Brief
Copy all of the records below verbatim.

The data
-*-

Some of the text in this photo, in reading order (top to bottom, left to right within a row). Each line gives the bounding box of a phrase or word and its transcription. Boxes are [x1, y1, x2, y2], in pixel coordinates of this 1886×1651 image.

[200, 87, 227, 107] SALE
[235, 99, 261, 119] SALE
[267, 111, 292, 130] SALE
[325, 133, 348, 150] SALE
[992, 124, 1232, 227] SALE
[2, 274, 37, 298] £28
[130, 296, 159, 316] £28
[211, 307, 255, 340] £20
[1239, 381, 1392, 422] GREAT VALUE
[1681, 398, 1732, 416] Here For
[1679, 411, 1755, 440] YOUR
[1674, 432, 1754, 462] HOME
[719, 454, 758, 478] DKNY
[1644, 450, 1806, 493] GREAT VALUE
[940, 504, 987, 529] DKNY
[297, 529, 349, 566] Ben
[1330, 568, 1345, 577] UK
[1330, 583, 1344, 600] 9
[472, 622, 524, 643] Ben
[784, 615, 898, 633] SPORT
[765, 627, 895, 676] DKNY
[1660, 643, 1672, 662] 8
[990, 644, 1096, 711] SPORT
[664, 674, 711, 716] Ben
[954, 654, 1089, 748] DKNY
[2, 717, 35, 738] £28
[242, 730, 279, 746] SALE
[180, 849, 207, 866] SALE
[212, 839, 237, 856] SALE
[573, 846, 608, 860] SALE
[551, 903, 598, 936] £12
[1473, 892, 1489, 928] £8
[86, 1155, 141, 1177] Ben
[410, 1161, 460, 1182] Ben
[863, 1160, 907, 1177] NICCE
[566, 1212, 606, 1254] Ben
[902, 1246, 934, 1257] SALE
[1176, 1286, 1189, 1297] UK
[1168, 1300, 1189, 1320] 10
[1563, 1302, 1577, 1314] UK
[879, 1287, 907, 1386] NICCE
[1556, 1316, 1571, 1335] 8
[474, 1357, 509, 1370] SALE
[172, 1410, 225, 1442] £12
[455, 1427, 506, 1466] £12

-*-

Task response
Some of the text in this photo, in reading order (top to bottom, left to right within a row). Each line gives the bounding box of a phrase or word and its transcription. Boxes are [x1, y1, x2, y2], in pixel coordinates of this 1886×1651 image.

[200, 87, 227, 107] SALE
[235, 99, 261, 119] SALE
[267, 111, 292, 130] SALE
[325, 133, 348, 150] SALE
[992, 124, 1232, 227] SALE
[2, 274, 37, 298] £28
[130, 296, 159, 316] £28
[211, 307, 255, 340] £20
[1239, 381, 1392, 422] GREAT VALUE
[1681, 398, 1732, 416] Here For
[1679, 411, 1755, 440] YOUR
[1674, 432, 1754, 462] HOME
[719, 454, 758, 478] DKNY
[1644, 450, 1806, 493] GREAT VALUE
[940, 504, 987, 529] DKNY
[297, 529, 349, 566] Ben
[1330, 568, 1345, 577] UK
[1330, 583, 1344, 600] 9
[472, 622, 524, 643] Ben
[784, 615, 898, 633] SPORT
[765, 627, 895, 676] DKNY
[1660, 643, 1672, 662] 8
[990, 644, 1096, 711] SPORT
[664, 674, 711, 716] Ben
[954, 654, 1089, 748] DKNY
[2, 717, 35, 738] £28
[242, 730, 279, 746] SALE
[180, 849, 207, 866] SALE
[212, 839, 237, 856] SALE
[573, 846, 608, 860] SALE
[551, 903, 598, 936] £12
[1473, 892, 1489, 928] £8
[86, 1155, 141, 1177] Ben
[410, 1161, 460, 1182] Ben
[863, 1160, 907, 1177] NICCE
[566, 1212, 606, 1254] Ben
[902, 1246, 934, 1257] SALE
[1176, 1286, 1189, 1297] UK
[1168, 1300, 1189, 1320] 10
[1563, 1302, 1577, 1314] UK
[879, 1287, 907, 1386] NICCE
[1556, 1316, 1571, 1335] 8
[474, 1357, 509, 1370] SALE
[172, 1410, 225, 1442] £12
[455, 1427, 506, 1466] £12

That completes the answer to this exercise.